Dopo l’ingresso della nave soccorritrice in porto e lo sbarco dei naufraghi, lo Stato italiano “può sottoporla a un’ispezione diretta a controllare il rispetto delle norme di sicurezza in mare. A tal fine, occorre però che tale Stato dimostri, in maniera concreta e circostanziata, l’esistenza di indizi seri di un pericolo per la salute, la sicurezza, le condizioni di lavoro a bordo o l’ambiente”.
Nel caso delle navi delle ONG il loro fermo amministrativo puà essere dunque disposto non in modo sistematico e con motivazioni “fotocopia”, ma soltanto quando le autorità competenti provino in concreto che la loro navigazione pone seri problemi di sicurezza. Vedremo adesso come i giudici italiani applicheranno questi principi enunciati dalla Corte di Lussemburgo, ma esiste già un buon precedente in Italia, derivante da una sentenza del Tribunale amministrativo di Palermo, da cui era scaturito il rinvio pregiudiziale alla Corte di Lussemburgo.
3. Nel 2020 il Consiglio di Giustizia amministrativa della Rgione Sicilia , su ricorso del Ministro delle infrastrutture del governo Draghi, aveva ribaltato una precedente decisione del Tribunale amministrativo di Palermo che sulla base di argomentazioni analoghe a quelle adesso adottate dai giudici di Lussemburgo, sospendeva due fermi amministrativi adottati nel 2020 dalla Capitaneria di porto di Palermo nei confronti di navi della ONG tedesca Sea Watch.
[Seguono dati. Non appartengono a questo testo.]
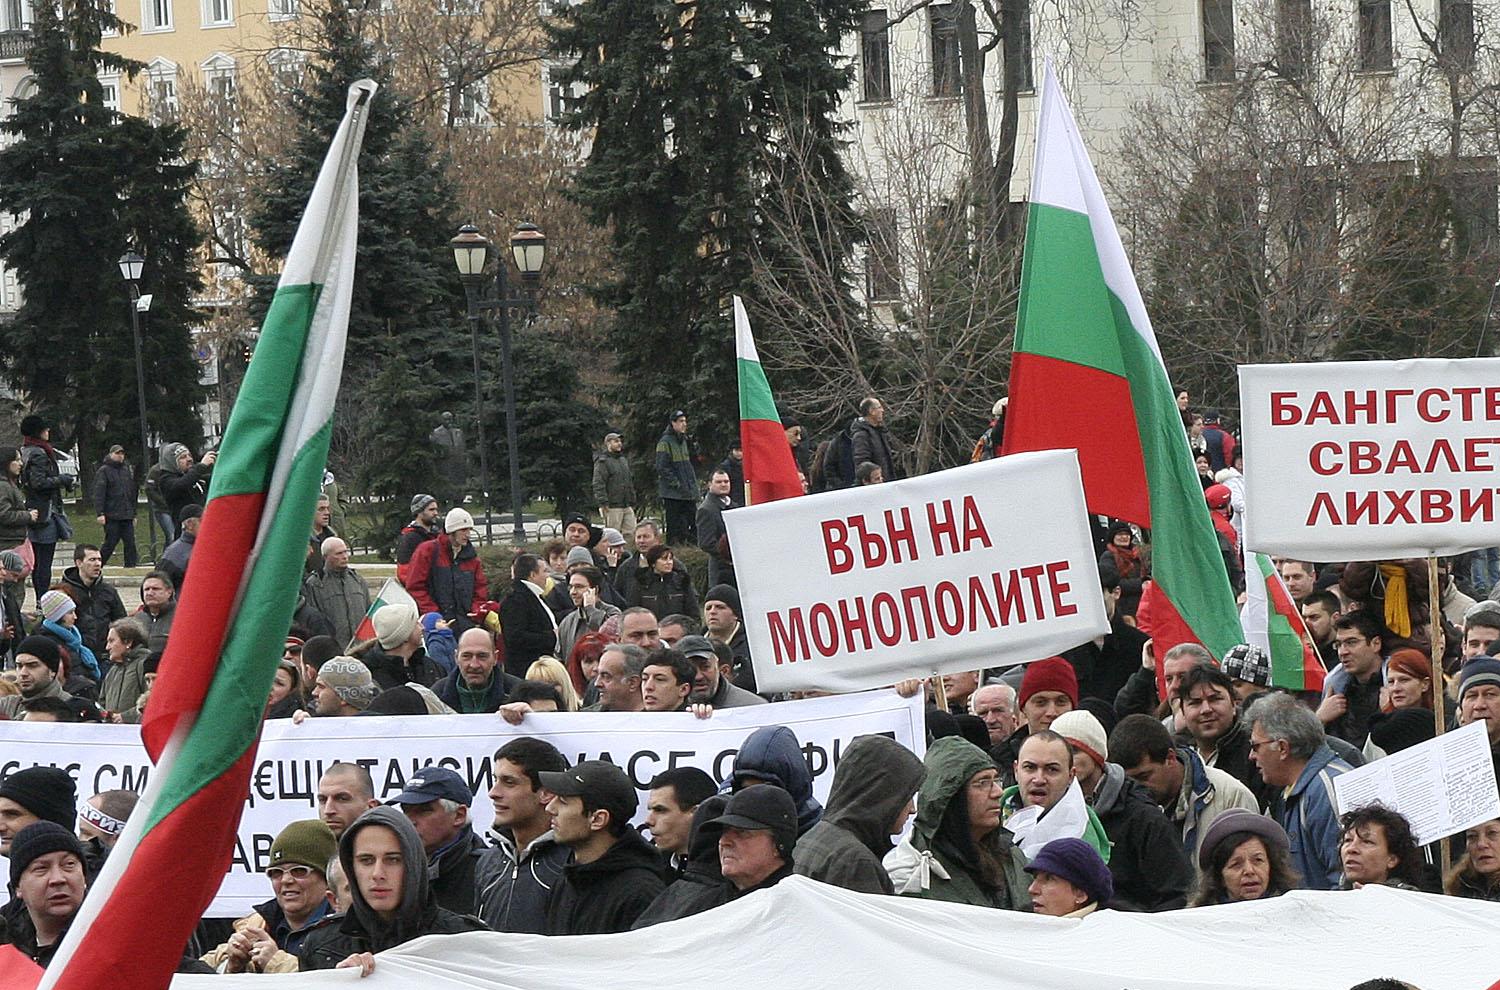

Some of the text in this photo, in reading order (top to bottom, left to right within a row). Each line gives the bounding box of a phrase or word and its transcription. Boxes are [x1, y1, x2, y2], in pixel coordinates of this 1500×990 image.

[820, 495, 992, 575] ВЪН НА
[767, 560, 1078, 665] МОНОПОЛИТЕ
Questa decisione del Consiglio di Giustizia amministrativa della Regione Sicilia spianava la strada ai successivi fermi amministrativi di navi umanitarie; considerate come “navi che svolgono continuativamente attività di soccorso”. Una categoria che non ha rilievo normativo nell’ordinamento italiano, come adesso dovranno ammettere le stesse autorità marittime italiane. Nella Convenzione SAR di Amburgo del 1979 e nei suoi emendamenti, come nelle altre Convenzioni internazionali di diritto del mare, non si rileva alcun richiamo alla natura continuativa o occasionale delle attività di soccorso che possano incidere sulla certificazione e sui requisiti di sicurezza delle navi, o sulle dotazioni di equipaggio o sui requisiti ambientali, perché queste attività SAR non sono gestite in base a scelte autonome del comandante della nave, ma costituiscono per gli stessi comandanti attività dovute che devono essere coordinate dalle Centrali di coordinamento nazionale (MRCC) informate degli eventi di soccorso. Salvo casi, purtroppo ancora frequenti,nei quali queste stesse Centrali (MRCC) omettano di prestare l’attività di coordinamento loro richiesta dalla legge internazionale e dalla normativa interna.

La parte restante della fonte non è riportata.